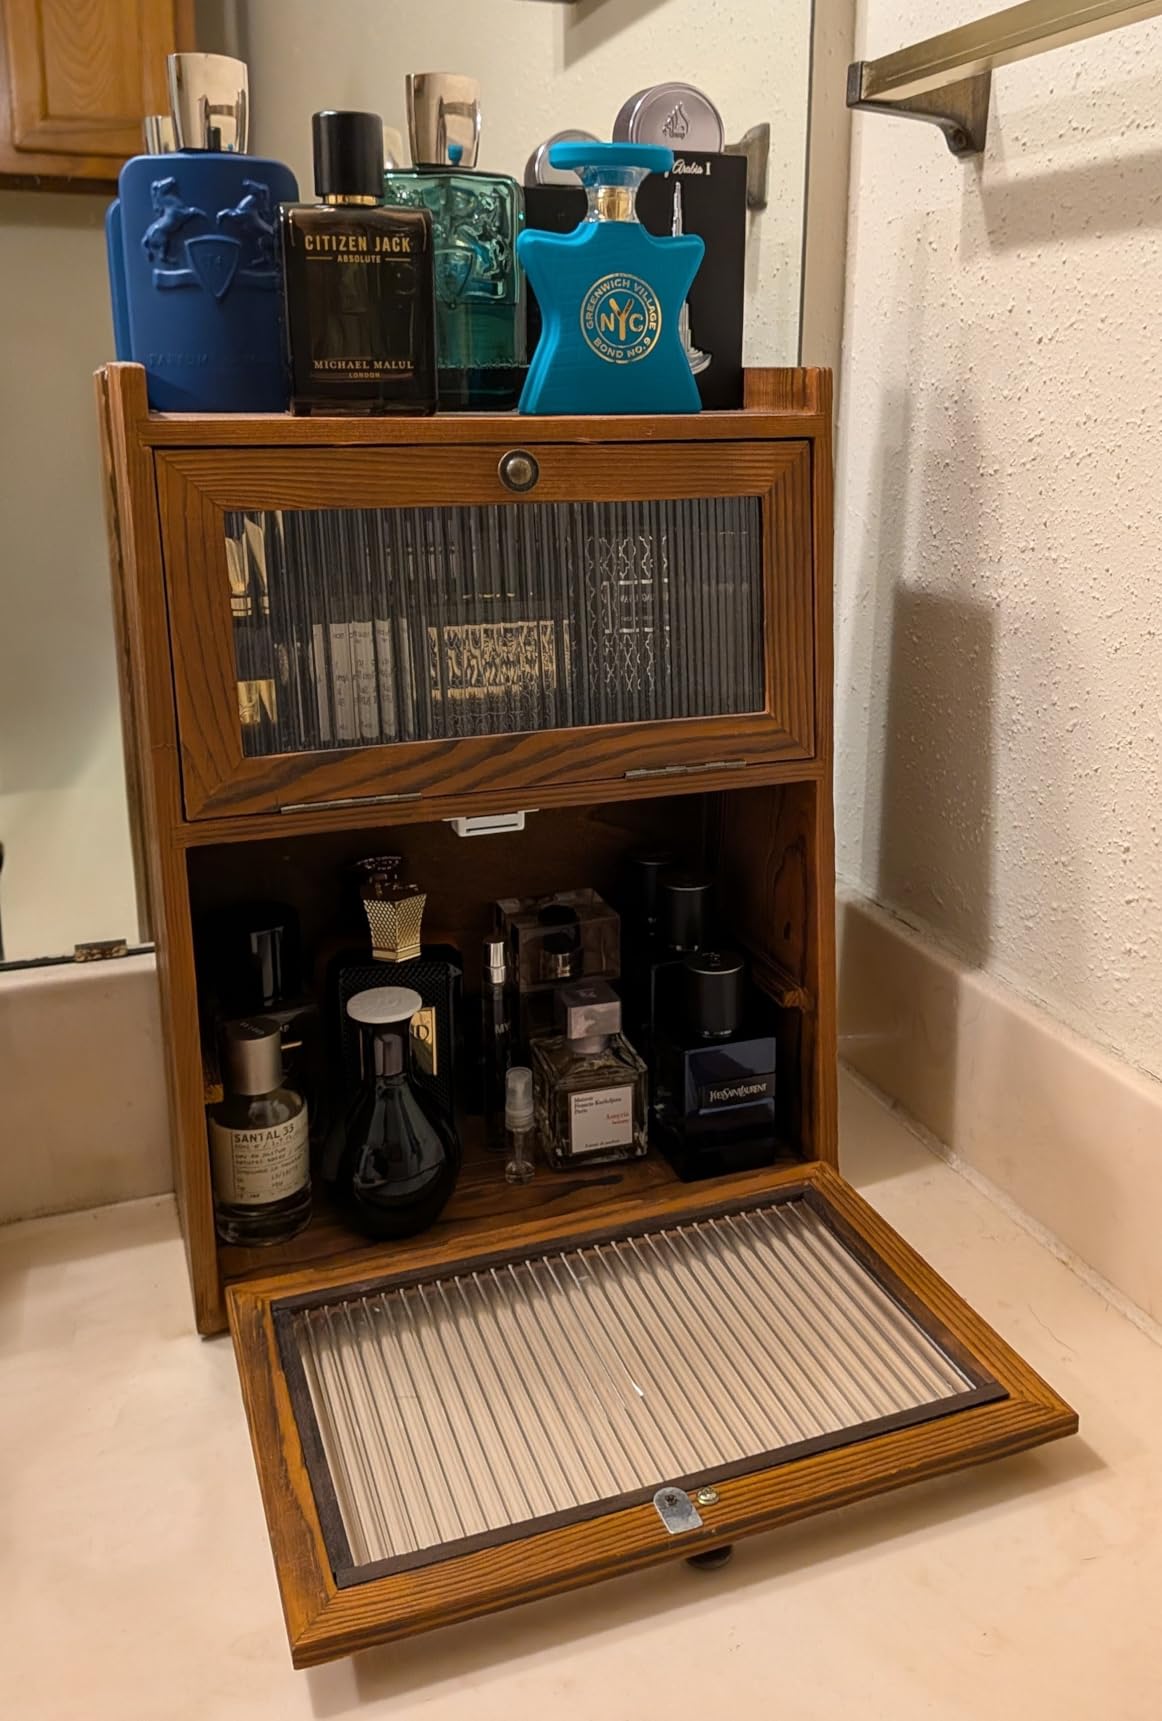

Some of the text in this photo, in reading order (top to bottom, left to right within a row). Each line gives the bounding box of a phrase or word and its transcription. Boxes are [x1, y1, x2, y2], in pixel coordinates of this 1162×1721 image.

[304, 234, 411, 252] CITIZEN JACK
[336, 254, 382, 264] ABSOLUTE
[585, 277, 657, 331] GREENWICH VILLAGE
[600, 297, 644, 341] NYC
[592, 337, 623, 359] BOND
[313, 359, 415, 369] MICHAEL MALUL
[348, 371, 382, 379] LONDON
[234, 1130, 281, 1144] SANTAL
[282, 1122, 295, 1136] 33

------------------------------------------------------------------------

#### TASK DIRECTIONS
Apart from the pictures, all of the data must be duplicated exactly as shown above.

#### WRITTEN RESPONSE
Some of the text in this photo, in reading order (top to bottom, left to right within a row). Each line gives the bounding box of a phrase or word and its transcription. Boxes are [x1, y1, x2, y2], in pixel coordinates of this 1162×1721 image.

[304, 234, 411, 252] CITIZEN JACK
[336, 254, 382, 264] ABSOLUTE
[585, 277, 657, 331] GREENWICH VILLAGE
[600, 297, 644, 341] NYC
[592, 337, 623, 359] BOND
[313, 359, 415, 369] MICHAEL MALUL
[348, 371, 382, 379] LONDON
[234, 1130, 281, 1144] SANTAL
[282, 1122, 295, 1136] 33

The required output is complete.